→ EXERCISE INPUTS:
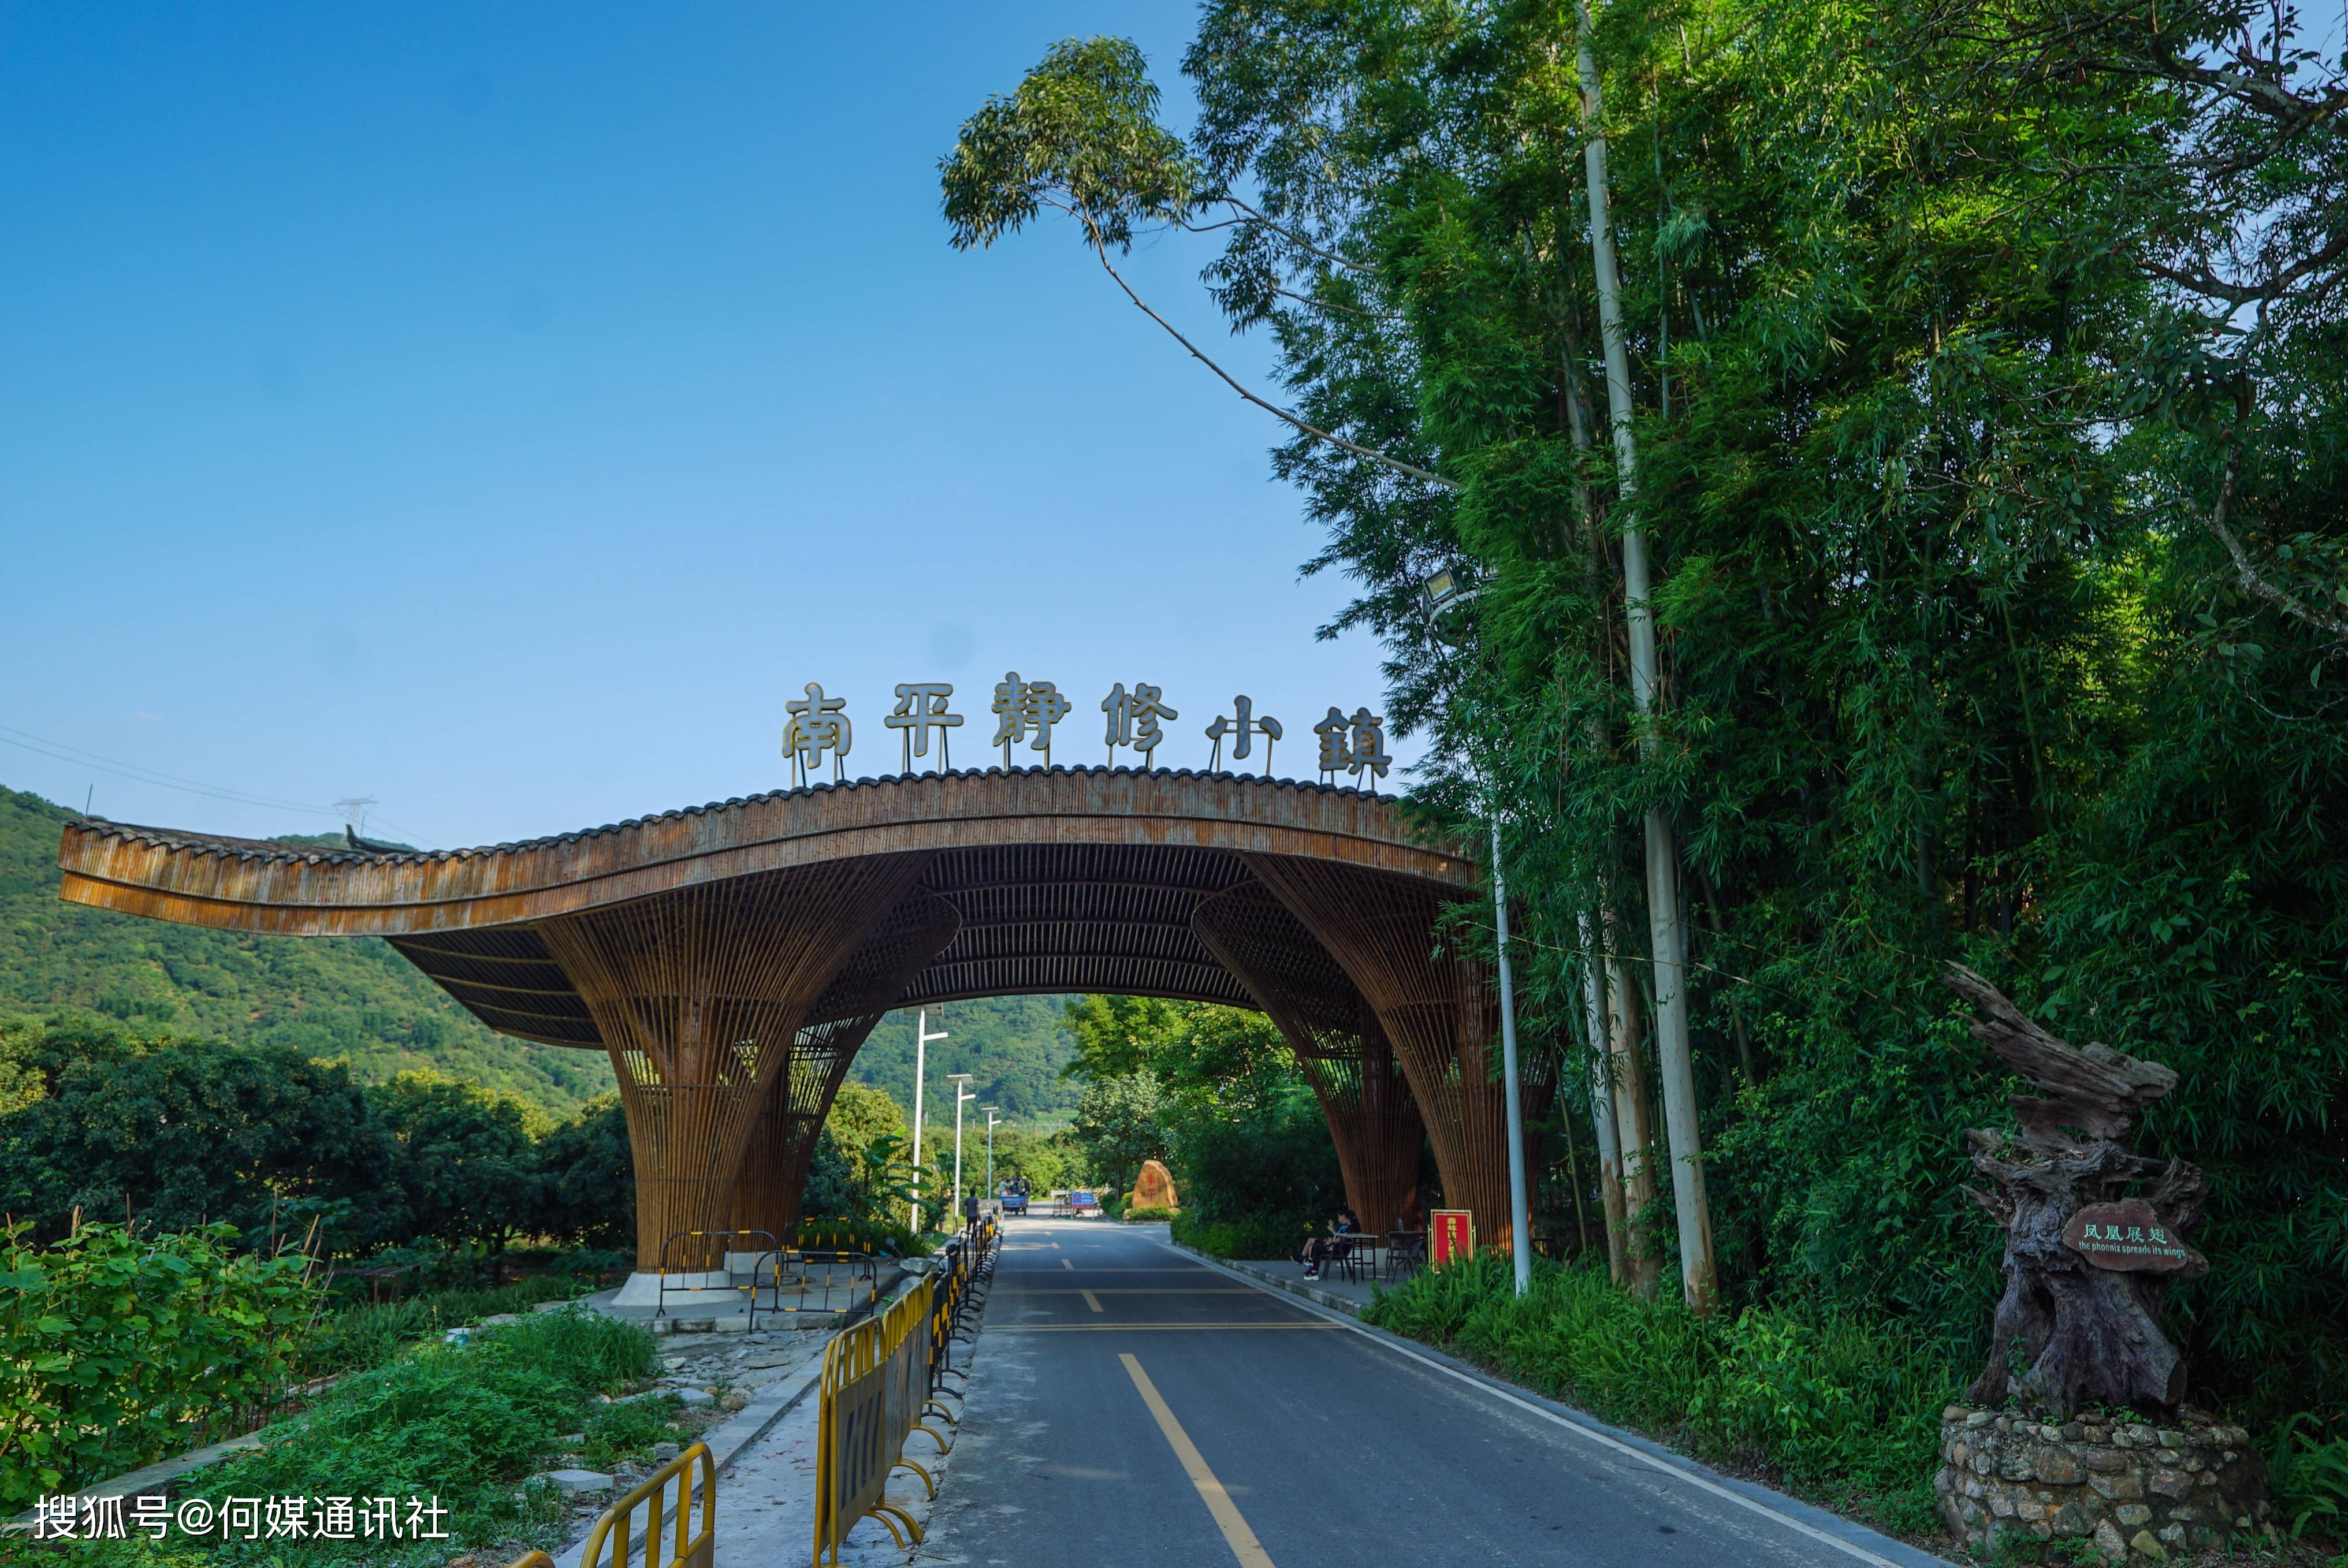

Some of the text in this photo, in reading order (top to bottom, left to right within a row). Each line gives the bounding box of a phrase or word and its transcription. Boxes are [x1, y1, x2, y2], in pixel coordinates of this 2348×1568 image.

[1146, 1173, 1156, 1200] 南平
[2083, 1224, 2168, 1245] 凤凰展翅
[2079, 1241, 2090, 1250] the
[2122, 1245, 2151, 1255] spreads
[2152, 1245, 2162, 1256] its
[2163, 1246, 2186, 1259] wings

→ DESCRIPTION OF THE TASK: Should there be pictures in the data, leave them out and return the rest exactly.

→ RESPONSE FOR THIS EXERCISE:
Some of the text in this photo, in reading order (top to bottom, left to right within a row). Each line gives the bounding box of a phrase or word and its transcription. Boxes are [x1, y1, x2, y2], in pixel coordinates of this 2348×1568 image.

[1146, 1173, 1156, 1200] 南平
[2083, 1224, 2168, 1245] 凤凰展翅
[2079, 1241, 2090, 1250] the
[2122, 1245, 2151, 1255] spreads
[2152, 1245, 2162, 1256] its
[2163, 1246, 2186, 1259] wings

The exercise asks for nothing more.